____ Task input

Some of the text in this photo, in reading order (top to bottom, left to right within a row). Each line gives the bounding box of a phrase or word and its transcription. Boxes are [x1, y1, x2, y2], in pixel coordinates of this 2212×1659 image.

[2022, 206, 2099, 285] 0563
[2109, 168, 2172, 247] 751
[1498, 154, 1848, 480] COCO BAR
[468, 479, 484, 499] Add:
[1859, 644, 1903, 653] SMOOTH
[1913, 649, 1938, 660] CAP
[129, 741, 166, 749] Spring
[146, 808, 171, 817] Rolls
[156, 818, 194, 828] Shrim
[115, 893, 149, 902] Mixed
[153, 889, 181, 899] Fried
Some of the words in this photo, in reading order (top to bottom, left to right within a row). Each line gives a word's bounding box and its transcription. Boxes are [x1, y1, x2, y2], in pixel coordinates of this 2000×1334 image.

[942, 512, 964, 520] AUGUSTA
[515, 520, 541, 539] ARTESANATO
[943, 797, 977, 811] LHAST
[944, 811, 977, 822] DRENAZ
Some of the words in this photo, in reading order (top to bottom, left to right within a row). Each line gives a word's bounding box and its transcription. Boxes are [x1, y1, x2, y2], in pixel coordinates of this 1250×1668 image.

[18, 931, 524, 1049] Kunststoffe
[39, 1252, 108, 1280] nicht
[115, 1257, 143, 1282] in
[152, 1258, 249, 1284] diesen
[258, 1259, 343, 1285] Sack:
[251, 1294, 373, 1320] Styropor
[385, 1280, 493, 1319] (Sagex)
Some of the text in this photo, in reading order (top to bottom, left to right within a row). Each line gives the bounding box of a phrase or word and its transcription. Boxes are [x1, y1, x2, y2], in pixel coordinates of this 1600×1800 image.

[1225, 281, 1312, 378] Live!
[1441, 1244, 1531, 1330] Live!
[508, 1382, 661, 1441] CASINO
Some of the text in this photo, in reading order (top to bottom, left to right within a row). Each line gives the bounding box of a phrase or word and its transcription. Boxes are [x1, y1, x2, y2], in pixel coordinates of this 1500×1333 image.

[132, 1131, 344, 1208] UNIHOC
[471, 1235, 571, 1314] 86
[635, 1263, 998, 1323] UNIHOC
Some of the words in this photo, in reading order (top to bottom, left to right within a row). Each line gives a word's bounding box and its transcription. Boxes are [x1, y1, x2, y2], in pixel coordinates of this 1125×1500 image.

________

Try it: Could you reproduce every entry above exactly as written?

The completed task:
Some of the text in this photo, in reading order (top to bottom, left to right within a row). Each line gives the bounding box of a phrase or word and its transcription. Boxes are [x1, y1, x2, y2], in pixel coordinates of this 2212×1659 image.

[2022, 206, 2099, 285] 0563
[2109, 168, 2172, 247] 751
[1498, 154, 1848, 480] COCO BAR
[468, 479, 484, 499] Add:
[1859, 644, 1903, 653] SMOOTH
[1913, 649, 1938, 660] CAP
[129, 741, 166, 749] Spring
[146, 808, 171, 817] Rolls
[156, 818, 194, 828] Shrim
[115, 893, 149, 902] Mixed
[153, 889, 181, 899] Fried
Some of the words in this photo, in reading order (top to bottom, left to right within a row). Each line gives a word's bounding box and its transcription. Boxes are [x1, y1, x2, y2], in pixel coordinates of this 2000×1334 image.

[942, 512, 964, 520] AUGUSTA
[515, 520, 541, 539] ARTESANATO
[943, 797, 977, 811] LHAST
[944, 811, 977, 822] DRENAZ
Some of the words in this photo, in reading order (top to bottom, left to right within a row). Each line gives a word's bounding box and its transcription. Boxes are [x1, y1, x2, y2], in pixel coordinates of this 1250×1668 image.

[18, 931, 524, 1049] Kunststoffe
[39, 1252, 108, 1280] nicht
[115, 1257, 143, 1282] in
[152, 1258, 249, 1284] diesen
[258, 1259, 343, 1285] Sack:
[251, 1294, 373, 1320] Styropor
[385, 1280, 493, 1319] (Sagex)
Some of the text in this photo, in reading order (top to bottom, left to right within a row). Each line gives the bounding box of a phrase or word and its transcription. Boxes are [x1, y1, x2, y2], in pixel coordinates of this 1600×1800 image.

[1225, 281, 1312, 378] Live!
[1441, 1244, 1531, 1330] Live!
[508, 1382, 661, 1441] CASINO
Some of the text in this photo, in reading order (top to bottom, left to right within a row). Each line gives the bounding box of a phrase or word and its transcription. Boxes are [x1, y1, x2, y2], in pixel coordinates of this 1500×1333 image.

[132, 1131, 344, 1208] UNIHOC
[471, 1235, 571, 1314] 86
[635, 1263, 998, 1323] UNIHOC
Some of the words in this photo, in reading order (top to bottom, left to right within a row). Each line gives a word's bounding box and its transcription. Boxes are [x1, y1, x2, y2], in pixel coordinates of this 1125×1500 image.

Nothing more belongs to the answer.